Upon waking up this morning, I immediately checked his paw again and the swelling has gone down. Called the vet's office anyway and told them what was up. The vet said that since the swelling wasn't seen yesterday when she examined him, I could bring him back in again today and possibly get X-rays done, or I can give his medication another day to work to see if it helps the swelling to continue to go down on its own. Since the swelling looked less today and he's not limping as much as yesterday, I am going to try to wait it out and give his medication a little time to work its magic. Here's a picture for reference of yesterday to today. He's still moving around normal, though for most of the day yesterday I had him resting on the couch.
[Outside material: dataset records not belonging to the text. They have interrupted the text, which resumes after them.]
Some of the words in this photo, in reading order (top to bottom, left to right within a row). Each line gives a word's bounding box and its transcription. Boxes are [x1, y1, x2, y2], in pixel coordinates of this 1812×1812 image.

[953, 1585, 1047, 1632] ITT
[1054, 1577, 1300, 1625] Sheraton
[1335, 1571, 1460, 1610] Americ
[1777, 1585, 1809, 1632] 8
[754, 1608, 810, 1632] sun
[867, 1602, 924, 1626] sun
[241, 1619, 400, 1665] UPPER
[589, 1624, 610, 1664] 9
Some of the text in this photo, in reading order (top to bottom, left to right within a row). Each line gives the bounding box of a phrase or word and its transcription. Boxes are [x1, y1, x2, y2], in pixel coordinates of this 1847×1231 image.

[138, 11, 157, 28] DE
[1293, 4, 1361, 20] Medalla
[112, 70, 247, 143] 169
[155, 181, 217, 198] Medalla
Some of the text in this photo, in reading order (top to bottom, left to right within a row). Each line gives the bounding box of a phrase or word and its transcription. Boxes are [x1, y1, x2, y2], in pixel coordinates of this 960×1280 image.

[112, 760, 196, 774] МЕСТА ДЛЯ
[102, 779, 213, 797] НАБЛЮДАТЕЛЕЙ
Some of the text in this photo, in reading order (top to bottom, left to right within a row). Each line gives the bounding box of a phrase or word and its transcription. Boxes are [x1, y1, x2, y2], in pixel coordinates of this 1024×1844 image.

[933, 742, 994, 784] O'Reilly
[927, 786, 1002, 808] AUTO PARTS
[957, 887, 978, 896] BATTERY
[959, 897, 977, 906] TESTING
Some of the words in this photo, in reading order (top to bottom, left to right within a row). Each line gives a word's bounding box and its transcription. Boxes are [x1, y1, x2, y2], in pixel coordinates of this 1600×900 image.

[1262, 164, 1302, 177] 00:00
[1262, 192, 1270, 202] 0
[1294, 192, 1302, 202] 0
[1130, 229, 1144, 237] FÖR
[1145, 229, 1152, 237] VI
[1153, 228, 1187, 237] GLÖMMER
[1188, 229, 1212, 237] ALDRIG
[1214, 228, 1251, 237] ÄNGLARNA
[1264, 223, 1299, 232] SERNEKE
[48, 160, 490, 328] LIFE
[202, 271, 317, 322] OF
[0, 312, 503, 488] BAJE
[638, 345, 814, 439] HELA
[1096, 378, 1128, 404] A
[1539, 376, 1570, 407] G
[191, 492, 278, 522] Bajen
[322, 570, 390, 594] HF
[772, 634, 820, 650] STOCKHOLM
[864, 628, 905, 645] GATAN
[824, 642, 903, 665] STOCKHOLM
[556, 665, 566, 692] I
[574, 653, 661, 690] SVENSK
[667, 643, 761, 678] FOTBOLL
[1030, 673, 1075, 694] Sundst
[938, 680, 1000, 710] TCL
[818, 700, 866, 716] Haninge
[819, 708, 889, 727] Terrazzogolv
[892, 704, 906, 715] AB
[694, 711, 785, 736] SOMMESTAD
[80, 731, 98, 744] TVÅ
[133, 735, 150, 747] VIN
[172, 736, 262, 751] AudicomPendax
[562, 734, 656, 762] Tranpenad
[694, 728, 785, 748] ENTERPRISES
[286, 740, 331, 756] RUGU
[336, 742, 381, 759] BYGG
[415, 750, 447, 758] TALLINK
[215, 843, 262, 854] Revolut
Today is more of the same, but I can tell he wants to run around because he keeps getting up to walk around.

Paw Swelling by Crystal Robinson, on Flickr

@dobebug Thanks for the info regarding growth and muscular maturation! They didn't do X-rays yesterday as she didn't think it was necessary, but I could elect to do so if I don't see any improvement. I looked at the area where his nail meets his toe (is that the nail bed?) and it looked the same as his other nails. I tried to get pictures, but I don't think they're the best.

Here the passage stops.